On what happens to Medicaid

Under the AHCA, state Medicaid expansion plans instituted by the ACA would be phased out completely by 2020. This change alone would result in a federal cost savings of $834 billion, while shifting the burden of insurance coverage to individuals, many of whom are not able to afford insurance, or they wouldn’t be qualified Medicaid beneficiaries now.

Therefore, the CBO estimates 14 million more people could become uninsured next year. By 2026, that number is expected to rise to 23 million.

While the CBO report does not specify what would happen to those who are dual-eligibles now, it does acknowledge that, under the AHCA, states would be given broader decision-making capability for how to cover Medicaid beneficiaries under the reduced federal matching funds.

On what happens to insurance coverage

Will the AHCA make it easier for people to find private insurance coverage? It depends. The CBO report acknowledges that under the current ACA law, insurance companies have raised rates for some and have even pulled out of certain markets, citing a “lack of profitability and substantial uncertainty about enforcement of the individual mandate” portion of the ACA.

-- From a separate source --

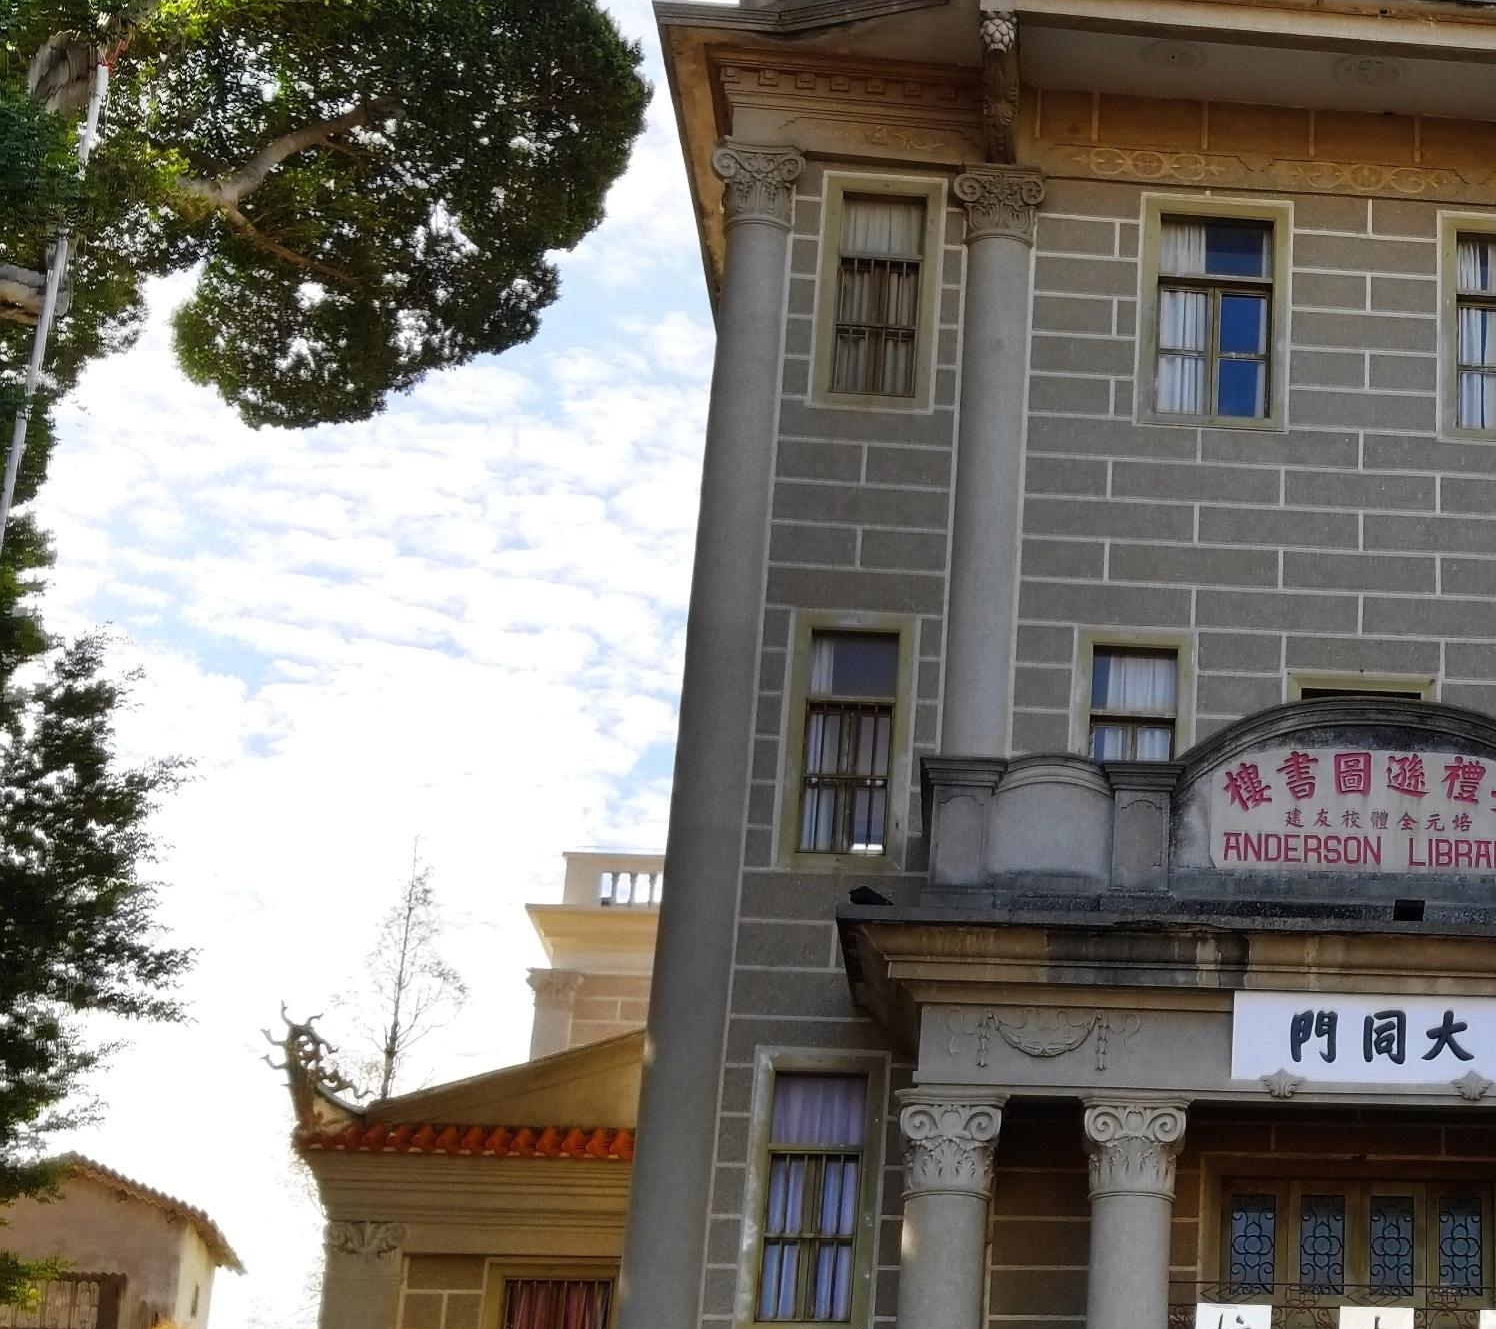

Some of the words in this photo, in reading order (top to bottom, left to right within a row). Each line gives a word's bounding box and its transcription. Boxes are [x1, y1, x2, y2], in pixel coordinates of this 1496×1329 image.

The AHCA could stabilize the currently skittish nongroup insurance market by 2020 or so, the CBO notes, as long as subsidies to purchase insurance would allow people with low health expenditures to drive the market. The other key item in the AHCA, the CBO notes, would be the Patient and State Stability Fund, “which would lower premiums by reducing the costs to insurers of people with high healthcare expenditures.”

When it comes to what’s provided as a health insurance benefit, providers and seniors should be aware that the AHCA has two waivers: one for states and one for insurance companies.

The states: The first waiver under the AHCA is that states will be given the power to modify the current federal definition of an “essential health benefit” in their own states, including the current list of health services and screening tests employer benefits must offer and insurers must cover in most circumstances. The change could be significant, since the current ACA law includes a ban on caps for the use of essential health benefits, making the definition of them key to ongoing cost analyses.

The insurers: The second waiver “would allow insurers to set premiums on the basis of an individual’s health status if the person had not demonstrated continuous coverage” and eliminate the “community rating” for those people, the CBO report notes. In other words, those without proof of continuous insurance could be charged far higher rates than others. In addition, the “community-rated premiums” will probably increase over time, the report adds, and “people who are less healthy (including those with newly acquired medical conditions) would ultimately be unable to purchase comprehensive nongroup insurance comparable to those under current law—if they could purchase it at all, despite the additional funding that would be available under H.R. 1628 to help reduce premiums.”

In addition, the CBO report adds, the rules governing how much an insurer can charge an older person versus a younger person, which would go into effect in 2019, “would directly alter the premiums faced by different age groups, substantially reducing premiums for young adults and raising premiums for older people.”